3. PSM needs to be patient in building a third progressive force
Having gone through our first experiment with the “two front system”, Malaysians ended up with the same autocrat who was trying to implement the same policies he had introduced in 1981. Furthermore, PH has succeeded in forcing PAS to ally more closely to Umno especially after GE14. It is time for all who have hoped for real reforms in Malaysia to build a “third progressive force” for a truly just, democratic, and sustainable future that BN and PH have failed to provide.
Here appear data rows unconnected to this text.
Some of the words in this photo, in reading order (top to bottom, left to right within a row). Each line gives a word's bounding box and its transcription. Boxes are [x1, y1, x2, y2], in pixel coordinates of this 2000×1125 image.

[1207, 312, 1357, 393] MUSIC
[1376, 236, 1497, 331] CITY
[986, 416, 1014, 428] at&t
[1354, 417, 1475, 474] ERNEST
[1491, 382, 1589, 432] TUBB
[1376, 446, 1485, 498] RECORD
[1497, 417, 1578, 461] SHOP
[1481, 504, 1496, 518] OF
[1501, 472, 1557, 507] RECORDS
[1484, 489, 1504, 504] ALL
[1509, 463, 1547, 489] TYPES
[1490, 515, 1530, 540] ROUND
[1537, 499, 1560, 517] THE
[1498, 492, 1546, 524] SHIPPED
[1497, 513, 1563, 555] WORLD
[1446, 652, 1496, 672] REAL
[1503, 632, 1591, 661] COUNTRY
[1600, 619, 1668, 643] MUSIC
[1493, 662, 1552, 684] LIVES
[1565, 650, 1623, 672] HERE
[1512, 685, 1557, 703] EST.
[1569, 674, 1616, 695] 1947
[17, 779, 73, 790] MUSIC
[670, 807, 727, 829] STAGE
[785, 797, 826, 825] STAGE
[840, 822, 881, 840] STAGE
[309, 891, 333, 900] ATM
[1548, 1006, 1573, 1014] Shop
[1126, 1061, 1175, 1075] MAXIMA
Besides ensuring an end to racial policies and critically needed wealth redistribution, we want affordable public housing, health, transport and education. A just, democratic, and progressive alternative calls for a living wage and rights for all workers; a reasonable pension at retirement, for all; affordable and liveable public housing; affordable and efficient public health and transport; free tertiary education (means tested for the well-off), etc.
We want to reclaim our public assets from privatisation, halt any further privatisation of public assets, nationalise public utilities such as water and energy and democratise the GLCs; apportion more revenue from oil and gas resources to the oil and gas-producing states and ensure Petronas’ oil and gas production and investment records are transparent and accountable to Parliament and the public.
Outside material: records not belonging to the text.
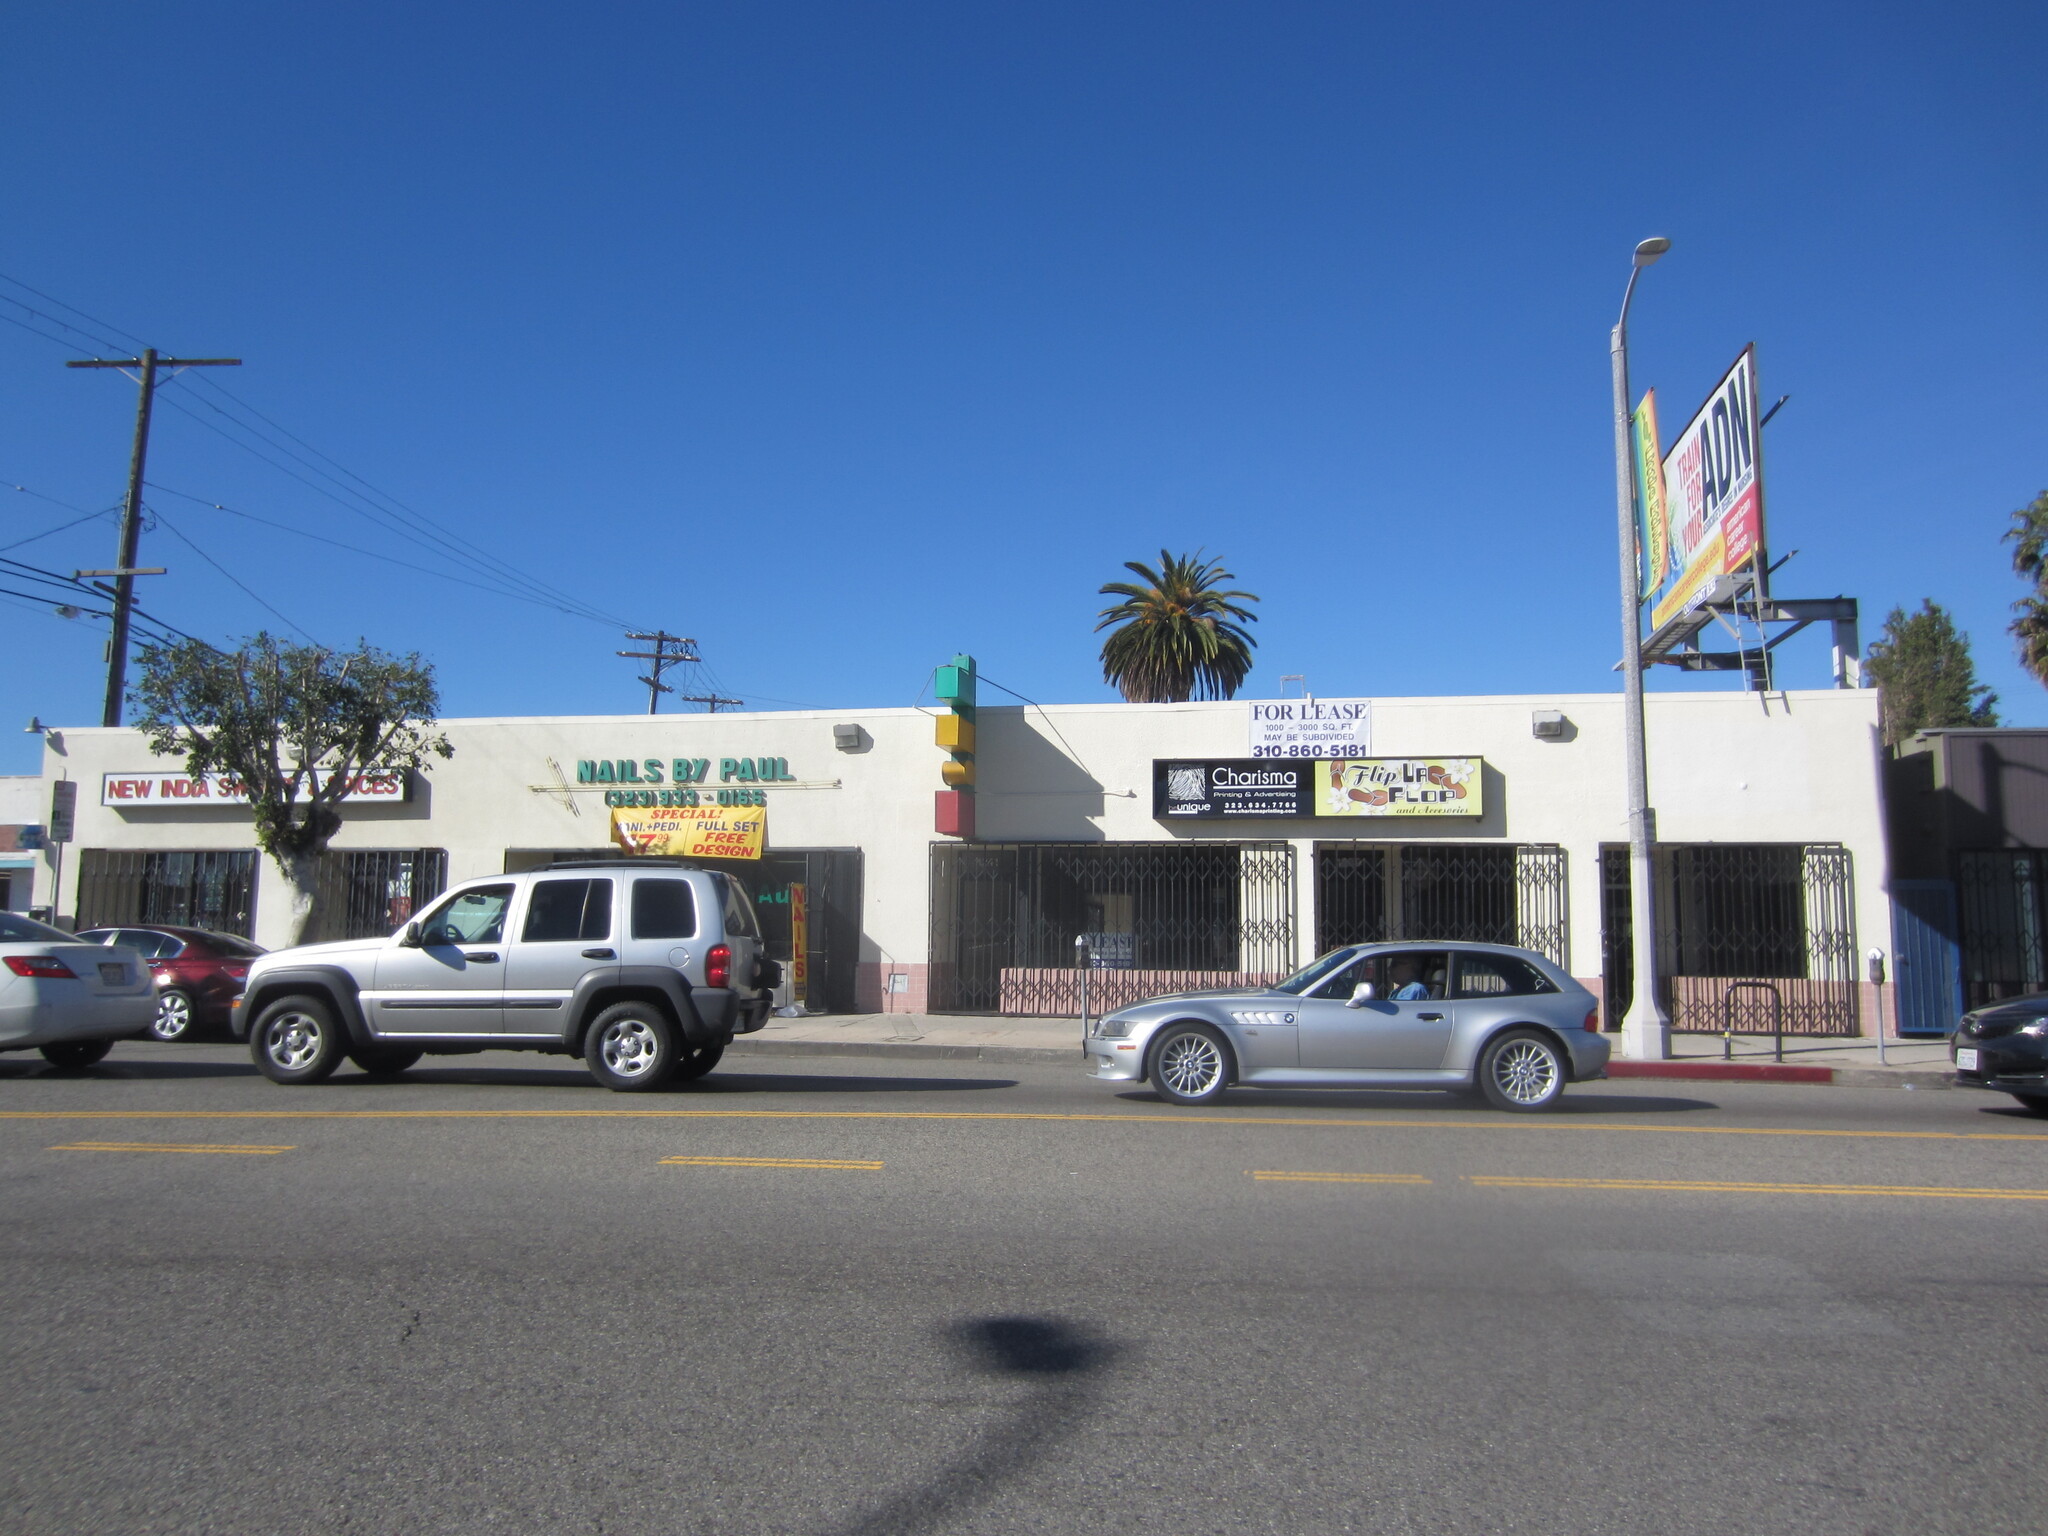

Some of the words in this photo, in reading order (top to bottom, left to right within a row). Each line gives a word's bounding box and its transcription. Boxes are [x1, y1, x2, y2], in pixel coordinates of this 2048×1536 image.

[1700, 364, 1751, 522] ADN
[1677, 432, 1701, 490] TRAIN
[1686, 471, 1702, 517] FOR
[1682, 508, 1703, 558] YOUR
[1253, 704, 1294, 720] FOR
[1301, 703, 1368, 720] LEASE
[1322, 723, 1338, 731] SQ.
[1341, 723, 1354, 731] FT.
[1302, 733, 1355, 741] SUBDIVIDED
[1253, 744, 1367, 757] 310-860-5181
[577, 759, 662, 783] NAILS
[672, 758, 709, 782] BY
[720, 757, 795, 782] PAUL
[1212, 767, 1297, 785] Charisma
[1346, 765, 1397, 786] Flip
[108, 779, 153, 799] NEW
[1389, 787, 1455, 803] FLOP
[651, 809, 723, 820] SPECIAL!
[1396, 806, 1416, 814] and
[696, 821, 728, 831] FULL
[733, 821, 759, 832] SET
[705, 832, 748, 844] FREE
[692, 844, 755, 857] DESIGN
[793, 887, 805, 978] NAILS
Thus, with PH becoming BN 2.0, only by building a third progressive force can we take our country into a brighter future based on equality, justice, democracy, and human rights.
This has always been PSM’s socialist vision. We have supported PSM because of its socialist agenda. At the very least, PSM leaders owe their supporters an analysis of the current situation, how it is different from GE14 and give us a convincing explanation for wanting to join PH.
Kua Kia Soong is a human rights defender and a former MP.